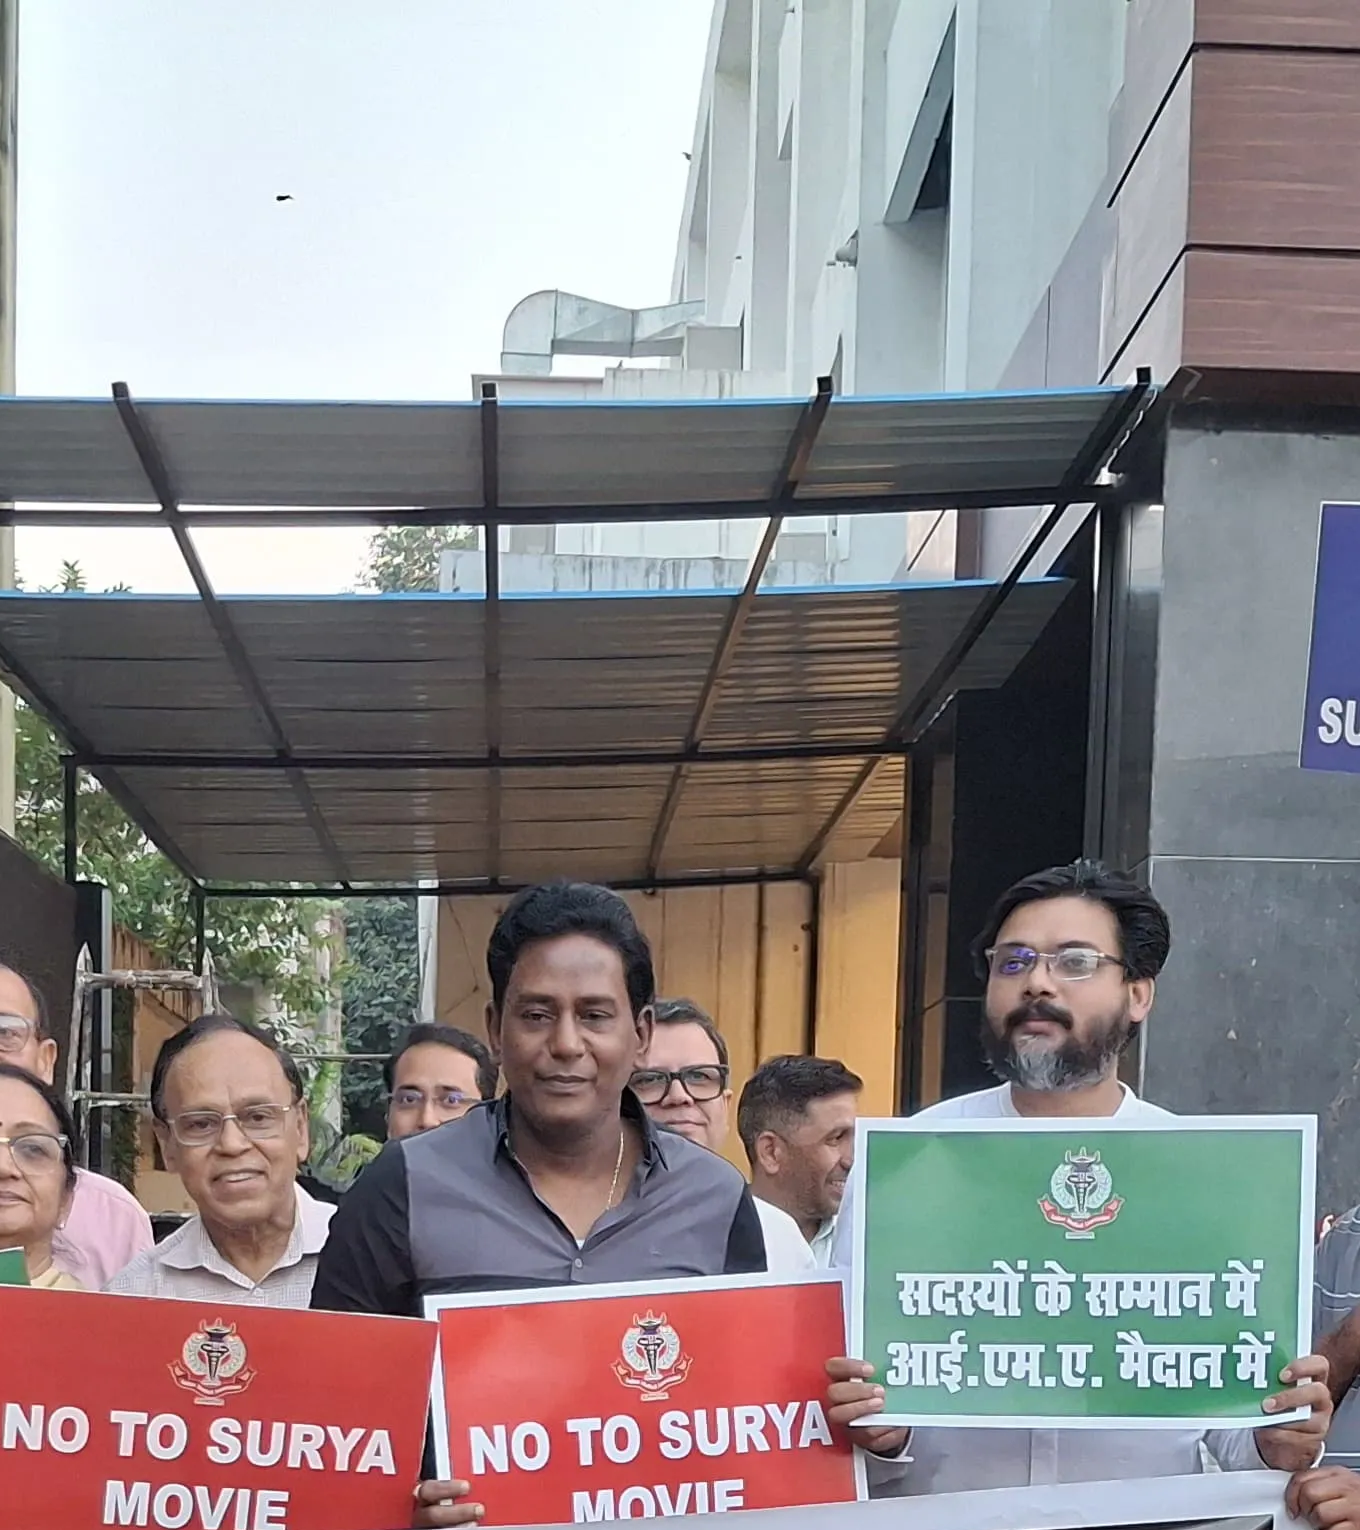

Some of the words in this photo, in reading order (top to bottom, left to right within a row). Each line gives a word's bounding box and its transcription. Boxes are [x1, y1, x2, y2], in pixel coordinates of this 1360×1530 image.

[895, 1260, 1028, 1317] सदस्यों
[1031, 1260, 1077, 1316] के
[1082, 1273, 1216, 1316] सम्मान
[1221, 1258, 1264, 1316] में
[886, 1330, 1102, 1393] आई.एम.ए.
[1115, 1331, 1226, 1388] मैदान
[1232, 1331, 1275, 1388] में
[2, 1404, 90, 1455] NO
[109, 1411, 188, 1461] TO
[206, 1420, 398, 1477] SURYA
[469, 1422, 551, 1476] NO
[566, 1415, 641, 1467] TO
[658, 1399, 833, 1460] SURYA
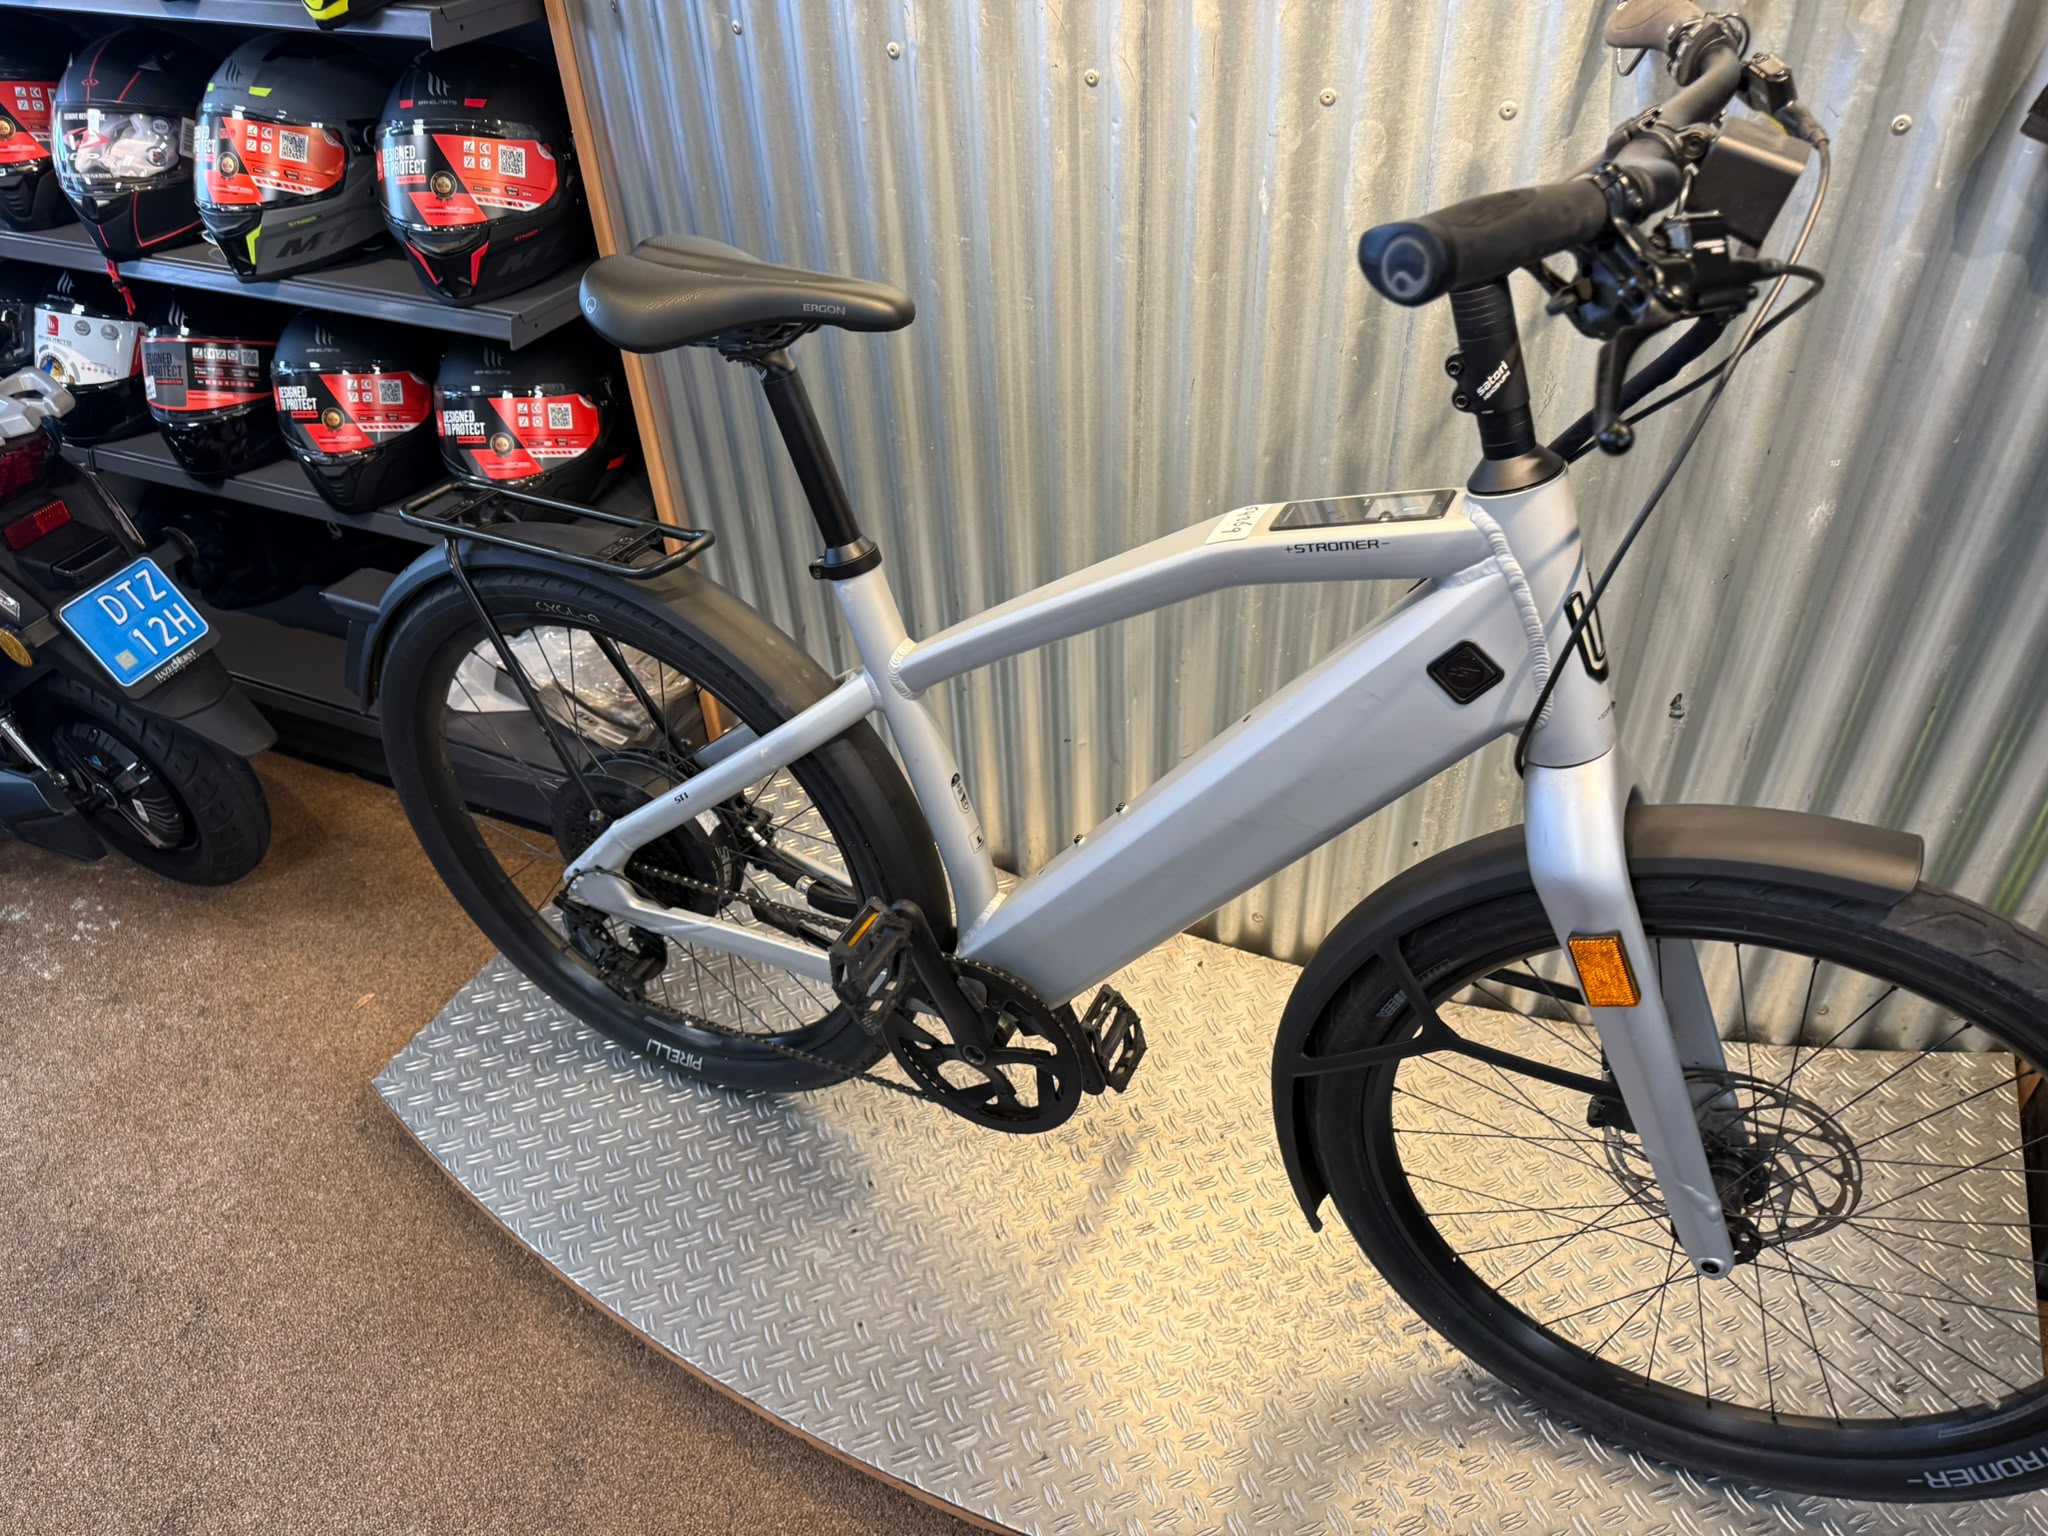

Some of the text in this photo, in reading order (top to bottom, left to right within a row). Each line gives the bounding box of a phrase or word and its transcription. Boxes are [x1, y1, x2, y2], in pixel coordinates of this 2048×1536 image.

[390, 159, 427, 177] PROTECT
[802, 303, 846, 316] ERGON
[286, 398, 317, 411] PROTECT
[443, 410, 475, 423] DESIGNED
[451, 422, 486, 436] PROTECT
[97, 569, 167, 626] DTZ
[132, 603, 197, 656] 12H
[645, 1038, 704, 1071] PIRELLI

━━━━━━━━━━

For every entry above, please output the text exactly and leave any picture behind.

▶ **Your response**:
Some of the words in this photo, in reading order (top to bottom, left to right within a row). Each line gives a word's bounding box and its transcription. Boxes are [x1, y1, x2, y2], in pixel coordinates of this 1360×1530 image.

[895, 1260, 1028, 1317] सदस्यों
[1031, 1260, 1077, 1316] के
[1082, 1273, 1216, 1316] सम्मान
[1221, 1258, 1264, 1316] में
[886, 1330, 1102, 1393] आई.एम.ए.
[1115, 1331, 1226, 1388] मैदान
[1232, 1331, 1275, 1388] में
[2, 1404, 90, 1455] NO
[109, 1411, 188, 1461] TO
[206, 1420, 398, 1477] SURYA
[469, 1422, 551, 1476] NO
[566, 1415, 641, 1467] TO
[658, 1399, 833, 1460] SURYA

Some of the text in this photo, in reading order (top to bottom, left to right within a row). Each line gives the bounding box of a phrase or word and its transcription. Boxes are [x1, y1, x2, y2], in pixel coordinates of this 2048×1536 image.

[390, 159, 427, 177] PROTECT
[802, 303, 846, 316] ERGON
[286, 398, 317, 411] PROTECT
[443, 410, 475, 423] DESIGNED
[451, 422, 486, 436] PROTECT
[97, 569, 167, 626] DTZ
[132, 603, 197, 656] 12H
[645, 1038, 704, 1071] PIRELLI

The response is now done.